**What to do**
The entries are to be repeated exactly, with all pictures omitted.

**Supplied material**
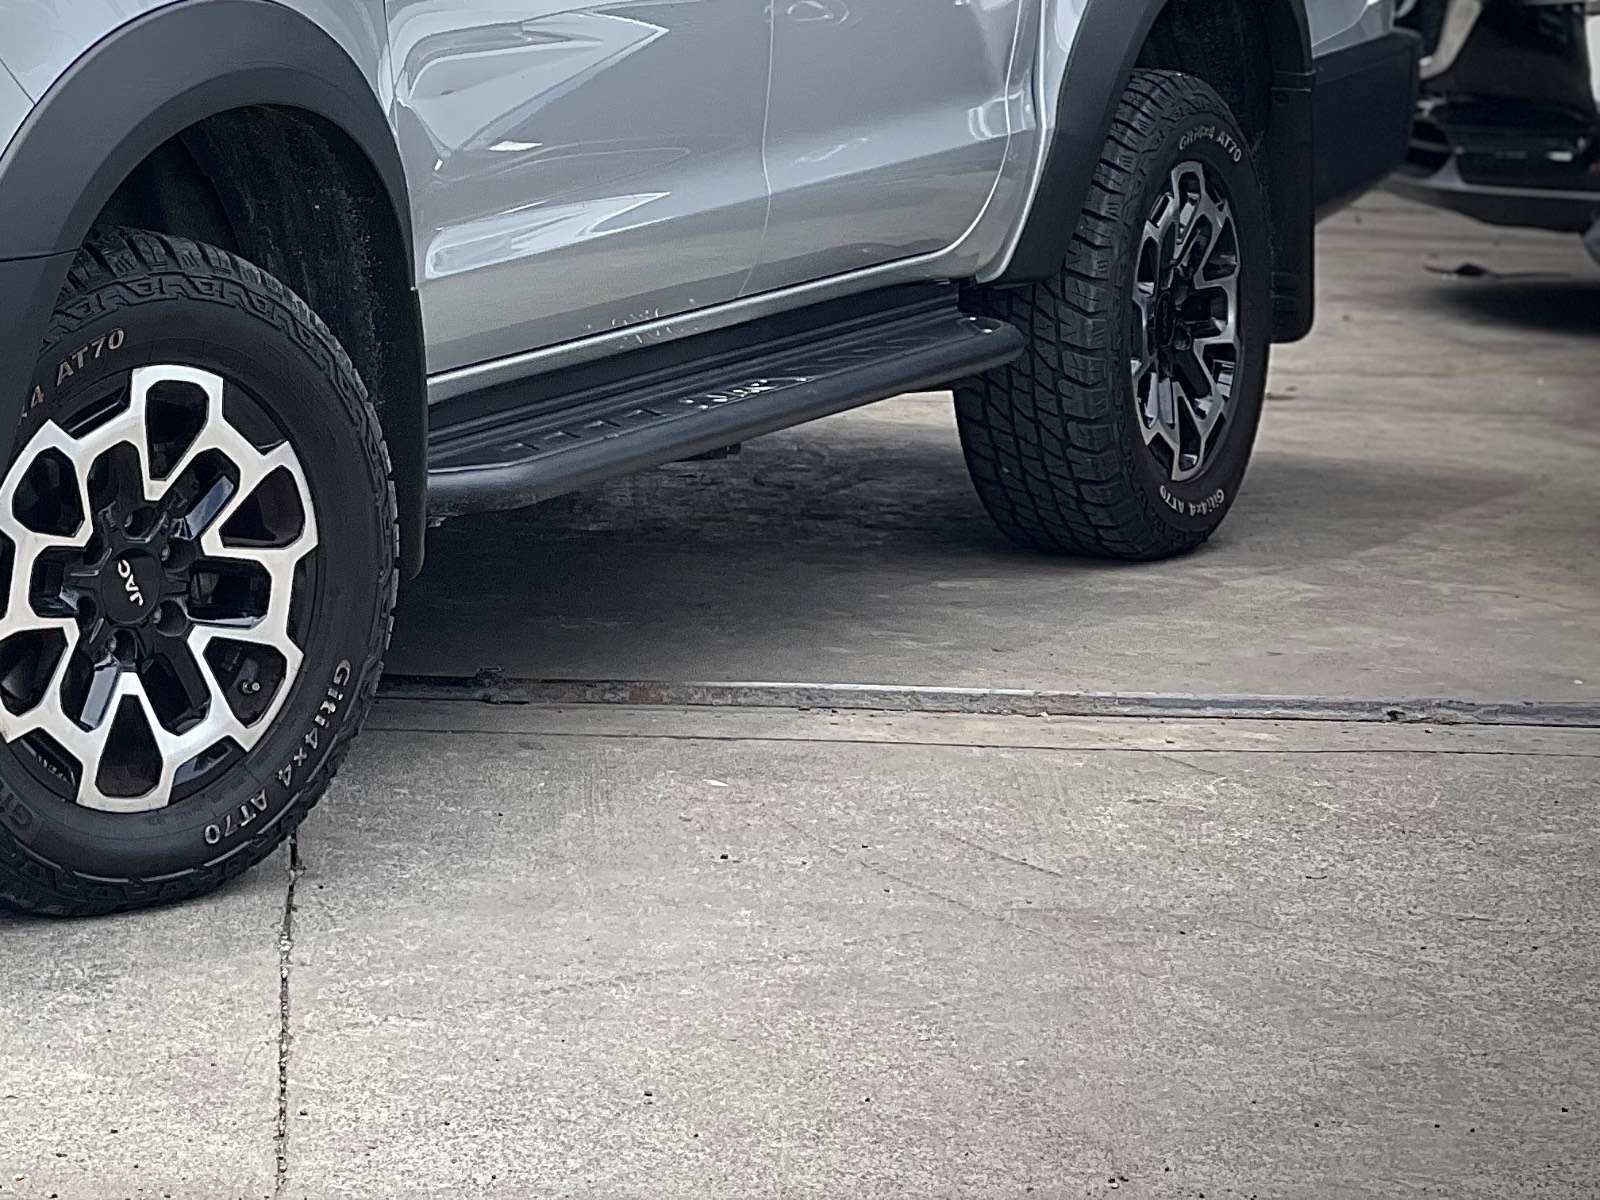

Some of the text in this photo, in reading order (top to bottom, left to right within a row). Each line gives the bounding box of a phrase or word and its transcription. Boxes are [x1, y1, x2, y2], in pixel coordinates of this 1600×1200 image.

[1216, 130, 1242, 162] AT70
[56, 327, 125, 387] AT70
[1160, 485, 1185, 514] AT70
[117, 559, 144, 606] JAC
[204, 658, 352, 845] Giti4x4 AT70

**Exercise result**
Some of the text in this photo, in reading order (top to bottom, left to right within a row). Each line gives the bounding box of a phrase or word and its transcription. Boxes are [x1, y1, x2, y2], in pixel coordinates of this 1600×1200 image.

[1216, 130, 1242, 162] AT70
[56, 327, 125, 387] AT70
[1160, 485, 1185, 514] AT70
[117, 559, 144, 606] JAC
[204, 658, 352, 845] Giti4x4 AT70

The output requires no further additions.